Cuando pienso en el embarazo y en el proceso de traer un bebé al mundo, me lo imagino como un momento mágico. El poder conectar con tu guagua, sentir su olor, sus manitos, tal cual una película de comedia romántica con final feliz; pero al escuchar las historias de mujeres cercanas, me doy cuenta de que esa imagen idealizada del parto no es para todas las mujeres una realidad y, de hecho, puede convertirse en toda una historia de miedo.

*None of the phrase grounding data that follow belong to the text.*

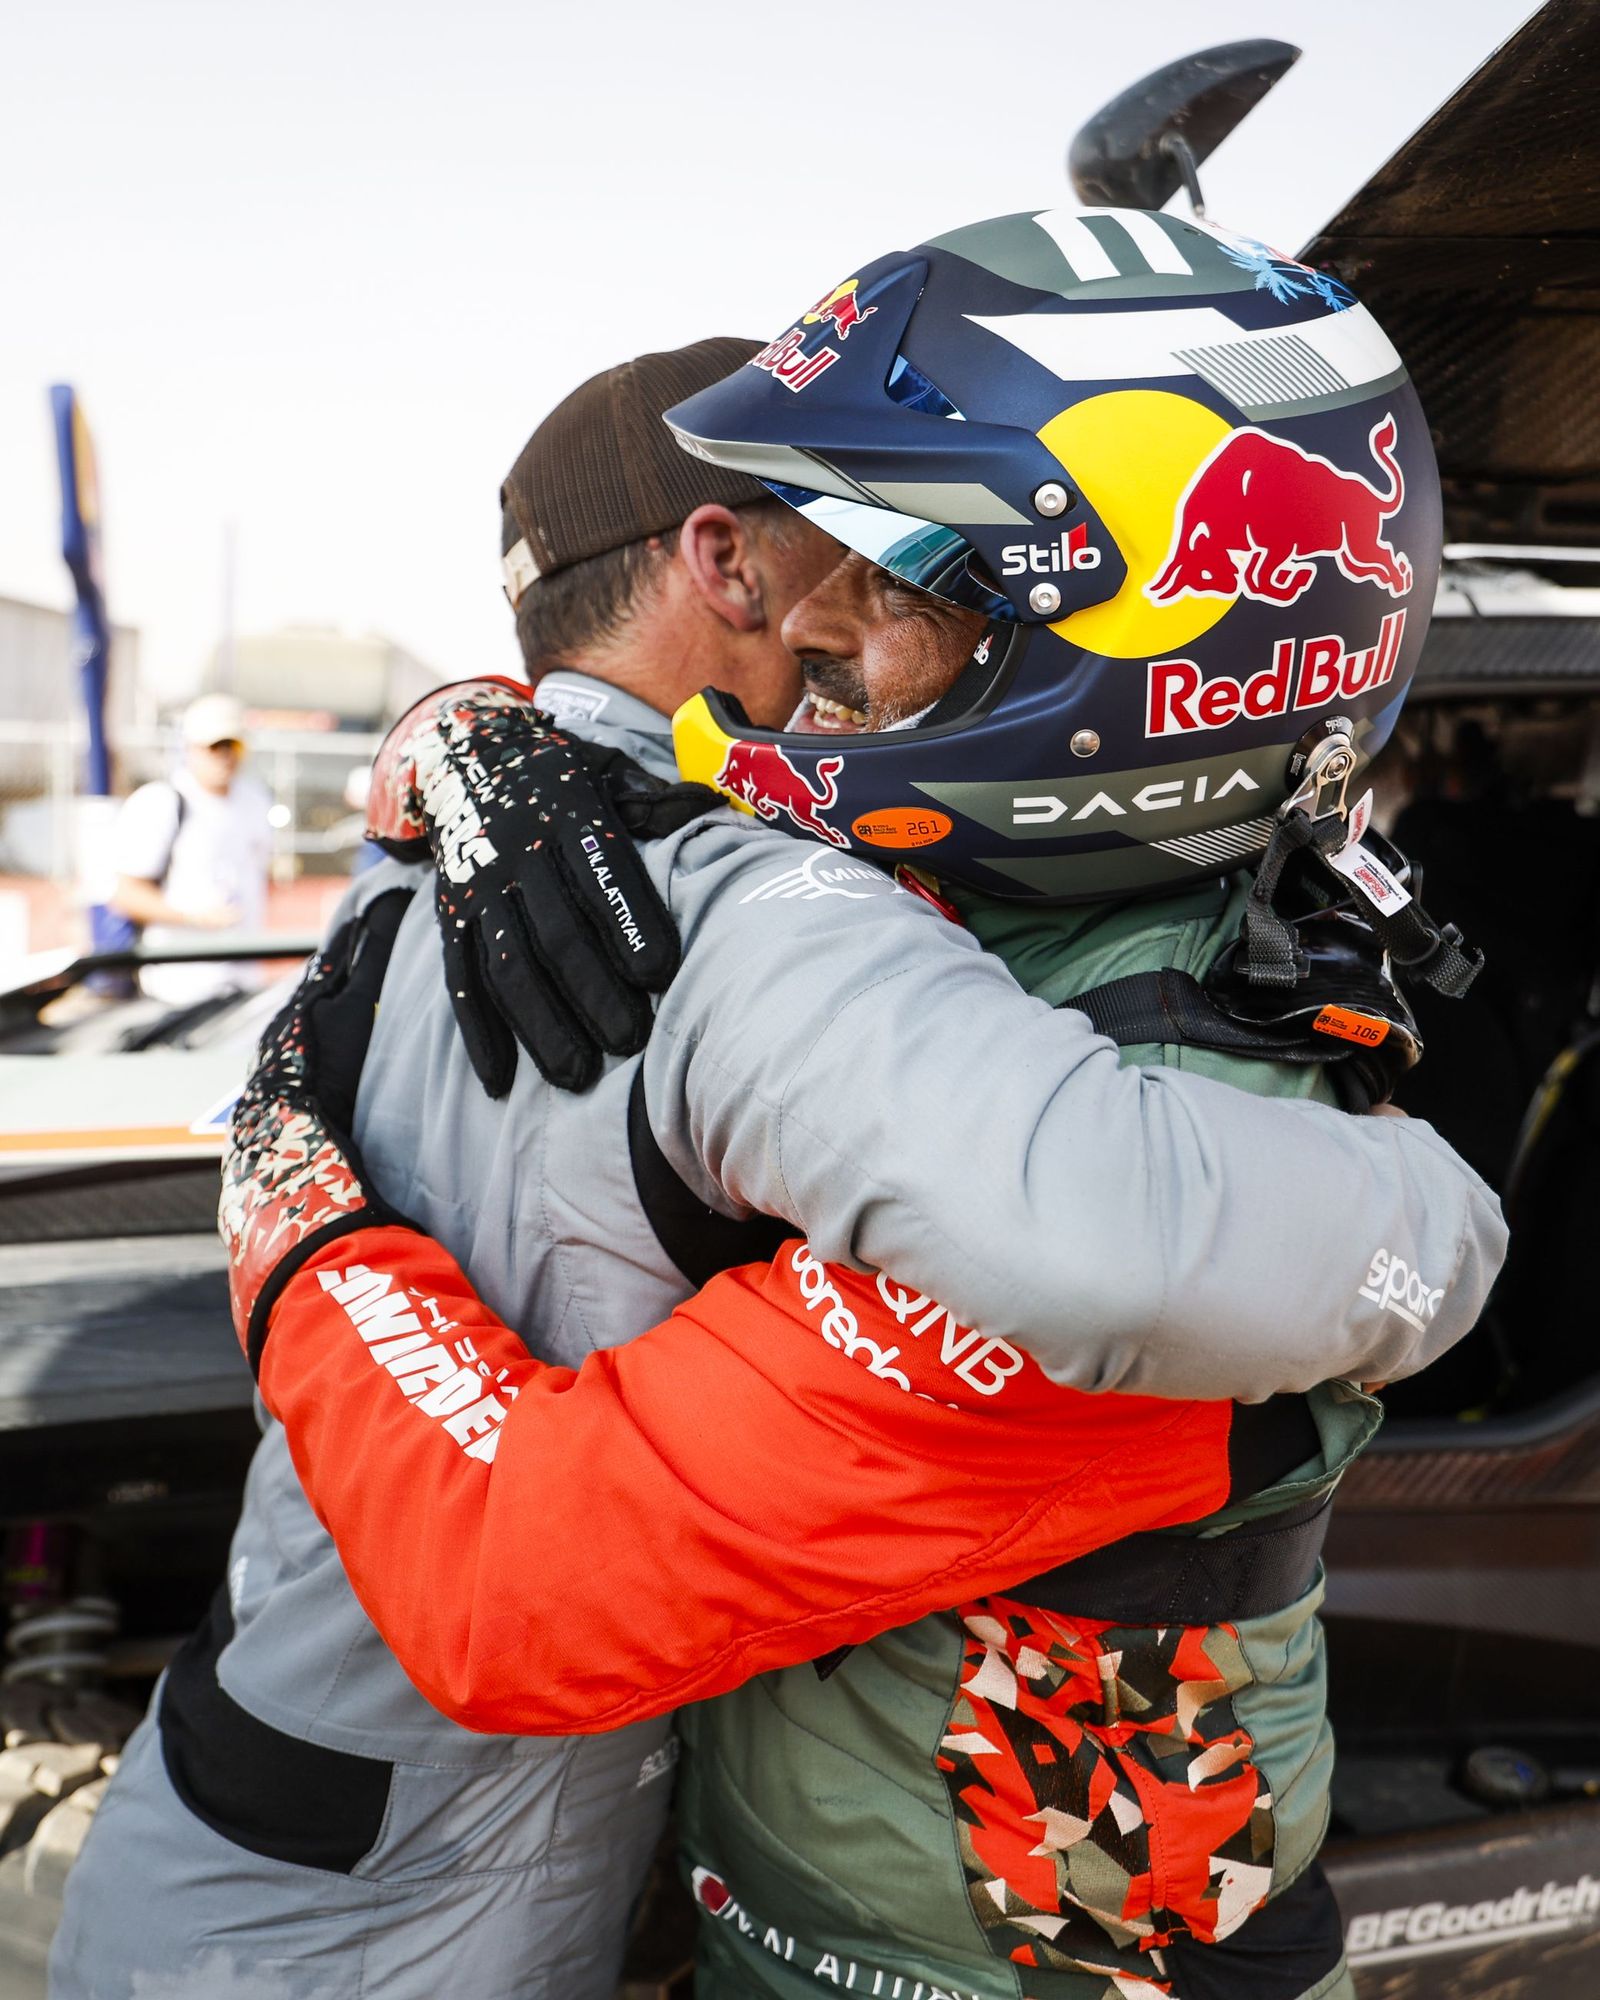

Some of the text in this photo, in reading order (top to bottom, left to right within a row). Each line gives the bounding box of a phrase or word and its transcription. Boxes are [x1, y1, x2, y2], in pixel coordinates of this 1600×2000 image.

[1012, 768, 1260, 825] DACIA
[906, 820, 941, 836] 261
[817, 867, 890, 884] MINI
[1350, 1023, 1380, 1041] 106
[875, 1270, 1024, 1396] QNB
[1345, 1874, 1600, 1953] BFGoodrich
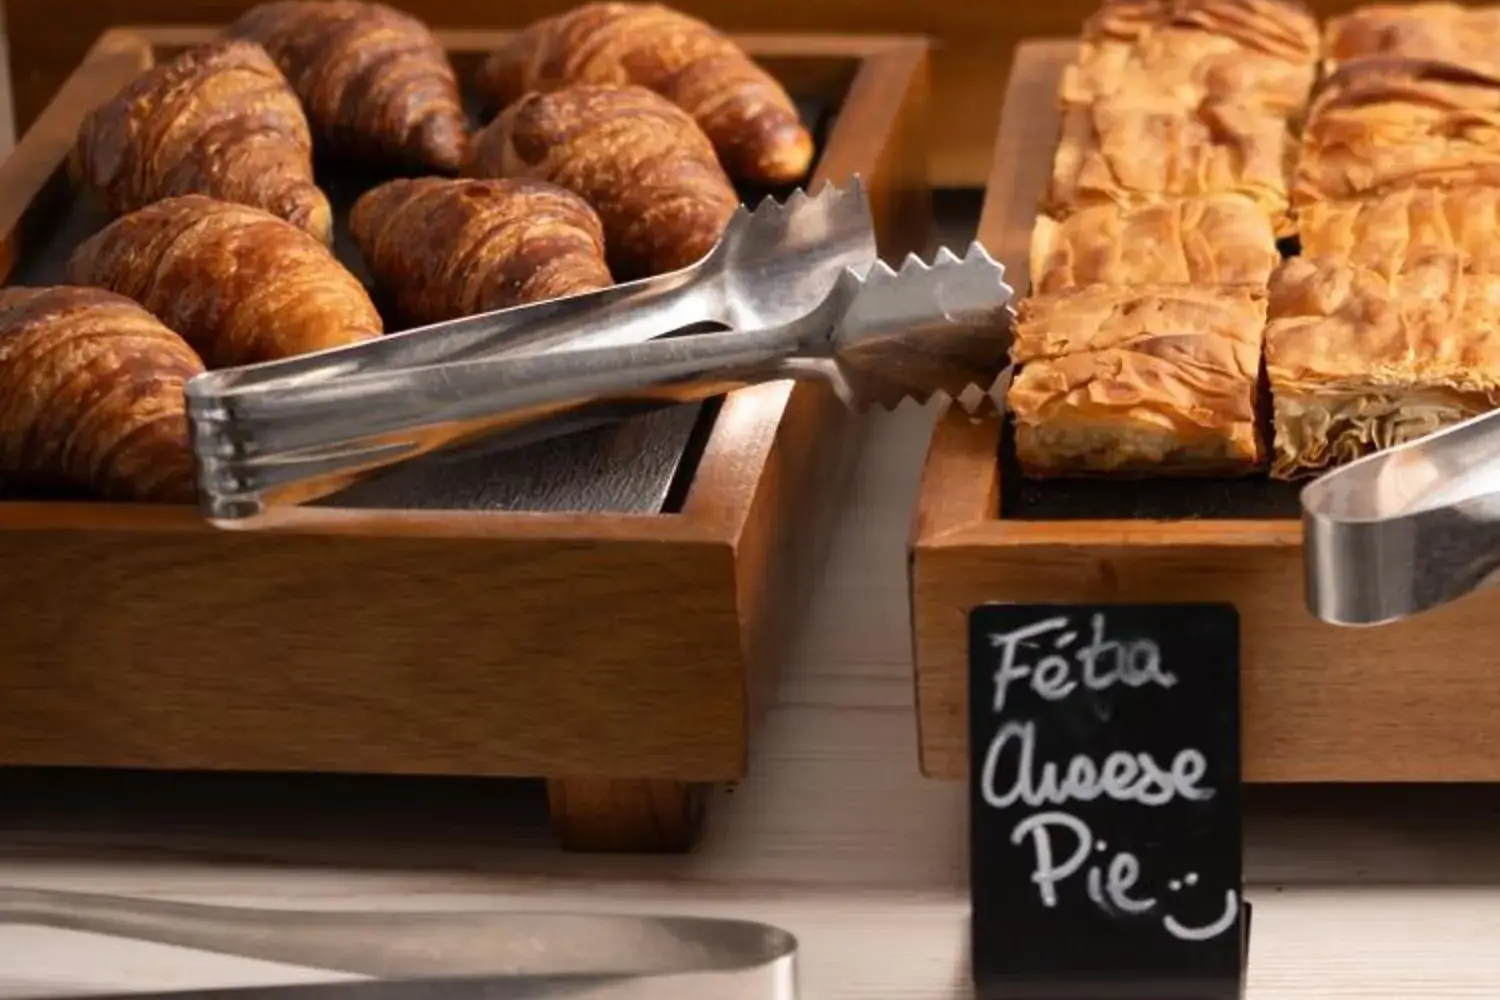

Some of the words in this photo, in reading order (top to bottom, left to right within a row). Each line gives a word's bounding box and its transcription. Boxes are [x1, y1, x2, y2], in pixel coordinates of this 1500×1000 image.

[991, 613, 1178, 711] Féta
[982, 720, 1216, 807] Cheese
[1011, 811, 1156, 912] Pie
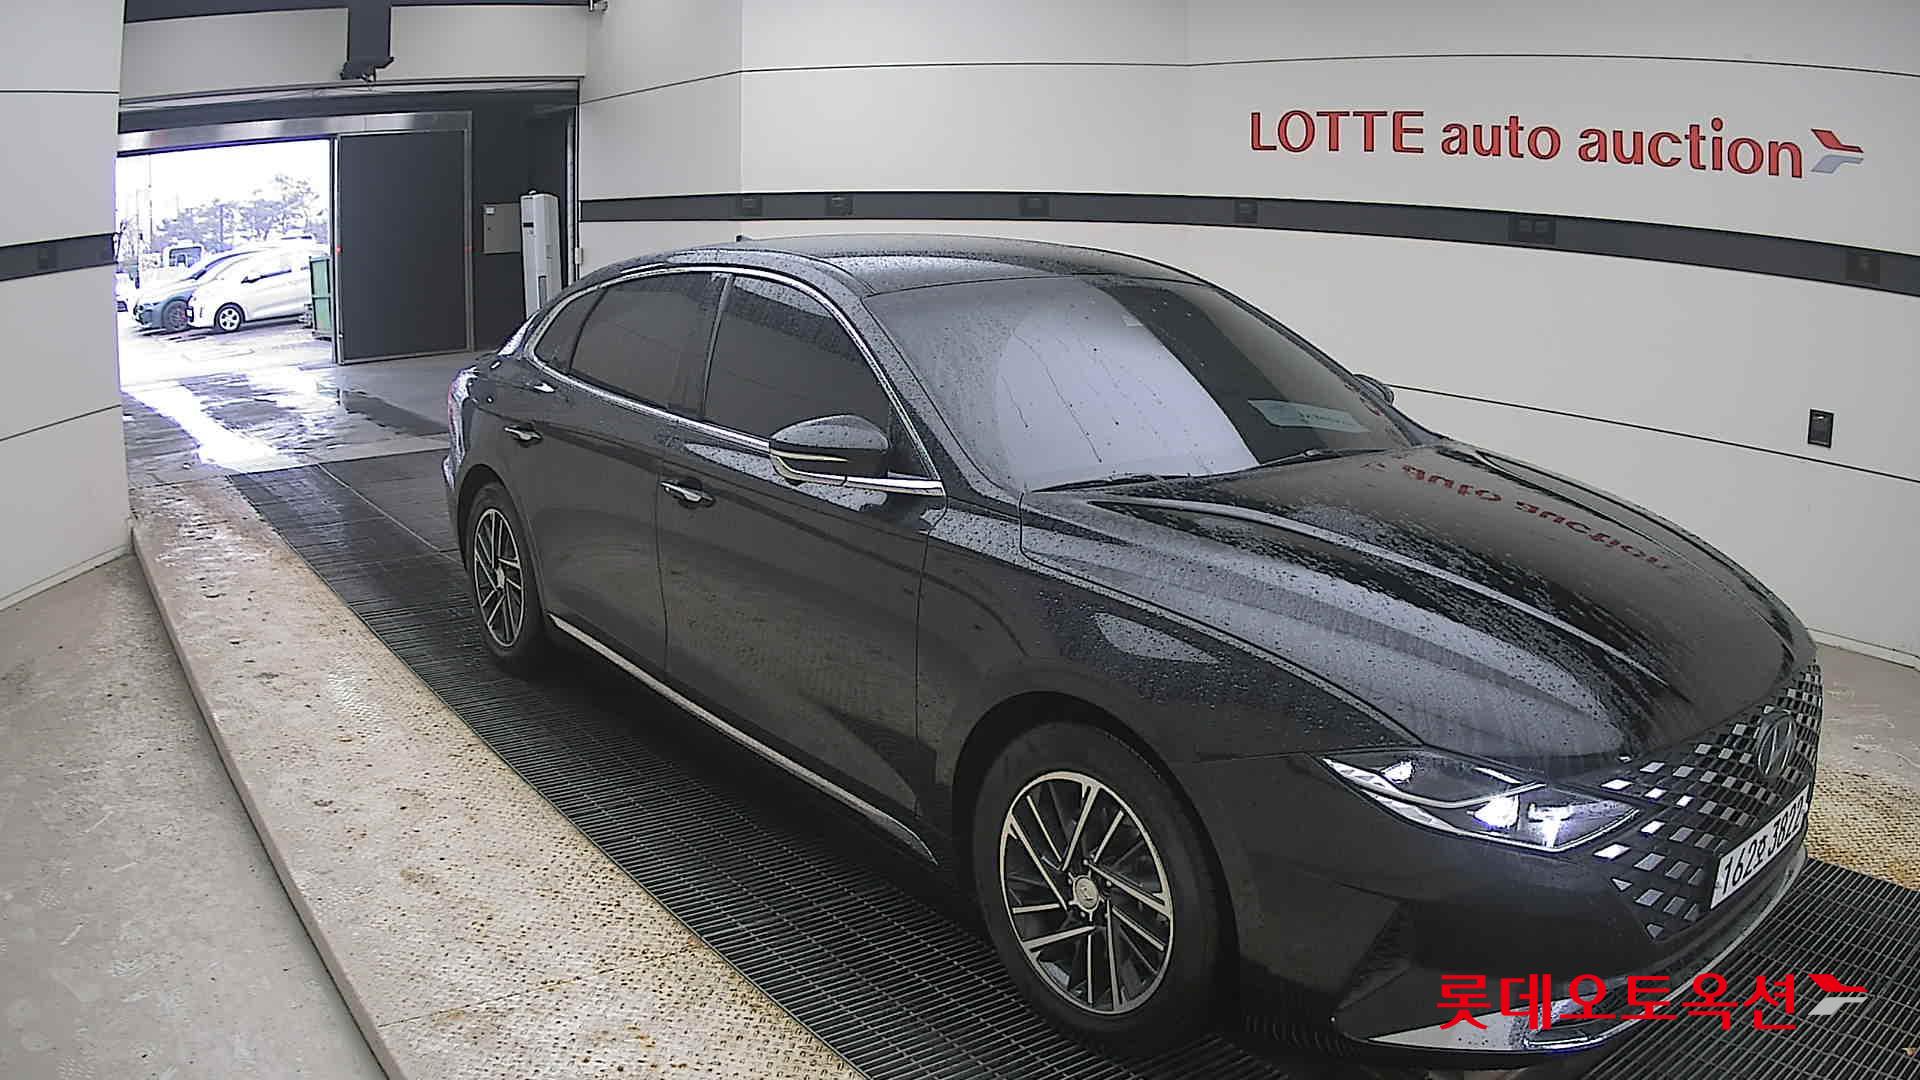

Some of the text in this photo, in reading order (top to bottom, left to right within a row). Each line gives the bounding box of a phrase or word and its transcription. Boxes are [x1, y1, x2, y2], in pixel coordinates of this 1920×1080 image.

Mi abuela, mis amigas, mis tías, mis primas y muchas conocidas, han pasado por procesos de violencia obstétrica y sin siquiera saberlo. Hace un par de años le pregunté a mi abuela cómo había sido su parto, lo que me relató fue horrible, distintas mujeres saltando sobre su vientre, tactos abusivos, médicos que se burlaban de su dolor, frases absurdas y violentas, ni hablar de la compañía de su esposo, pues no lo permitieron. Si bien esto sucedió hace años, la situación no ha cambiado lo suficiente.

Pues, así como ese testimonio hay millones y hasta peores. Mujeres que perdieron sus hijos, mujeres que murieron en el proceso y mujeres que por negligencia se quedaron sin útero.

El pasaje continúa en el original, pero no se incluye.